Joan Brown
Gallery Paule Anglim
14 Geary Street, San Francisco, CA 94108
October 8–November 15, 2014
Joan Brown was a restless soul. She was married four times (Brown, Neri, Cook, Hebel), and in the last five years of her life (1985–1990) traveled to Belize, Burma, Egypt, Germany (West and East), Greece, Guatemala, Hong Kong, Israel, Italy, Jordon, Malaysia, Mexico, Singapore, Thailand, Turkey, and finally India, where she succumbed while constructing a commissioned sculpture. She was a Beat Princess (she would have despised and dismissed the appellation); swam from Alcatraz to the mainland; lived fast, died young, and left behind an impressively diverse visual heritage.
Beat princess? Brown was a San Francisco native, taught by Bay Area Figurationists Bischoff, Oliverira, and Lobdel at the California School of Fine Arts (now SFAI); exhibited at legendary Beat venues (6 Gallery, Batman); lived next to Jay DeFeo and Wally Hedrick during the painting of DeFeo’s The Rose; married noted Bay Area sculptor and fellow student Manuel Neri; counted such disparate artists as Wallace Berman and Bernice Bing as friends; and gained early recognition (a New York exhibition at age 22) resulting in a lifelong teaching post at Berkeley, a Guggenheim fellowship, over sixty solo shows, and inclusion in an equal number of posthumous group exhibitions.

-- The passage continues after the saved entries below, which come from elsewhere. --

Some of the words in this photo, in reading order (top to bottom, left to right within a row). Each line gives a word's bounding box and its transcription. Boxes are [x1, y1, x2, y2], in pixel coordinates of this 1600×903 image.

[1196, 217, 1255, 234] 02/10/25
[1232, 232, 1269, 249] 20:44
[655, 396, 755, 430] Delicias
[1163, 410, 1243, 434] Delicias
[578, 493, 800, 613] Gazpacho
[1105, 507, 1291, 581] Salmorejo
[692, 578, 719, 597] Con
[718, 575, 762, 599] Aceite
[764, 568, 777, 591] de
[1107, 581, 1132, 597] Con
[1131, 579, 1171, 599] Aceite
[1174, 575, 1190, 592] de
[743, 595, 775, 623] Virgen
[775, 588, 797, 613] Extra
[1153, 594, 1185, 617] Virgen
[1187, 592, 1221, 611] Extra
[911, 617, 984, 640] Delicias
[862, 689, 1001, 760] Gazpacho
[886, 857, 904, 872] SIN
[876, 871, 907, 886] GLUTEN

In a video interview conducted by the San Francisco Museum of Modern Art, and available on the Internet, Brown states that, “Success to me is still finding those surprises, and the excitement and challenge of pushing the work just a little further each time to try to dig out the surprise which I haven’t dug out before. And that is to just keep growing and changing and keep letting go, letting go, letting go of any kind of boundaries or rules or regulations that I or anyone else sets up. What I mainly want to be is surprised: the joyousness of that surprise. Going past what you know.”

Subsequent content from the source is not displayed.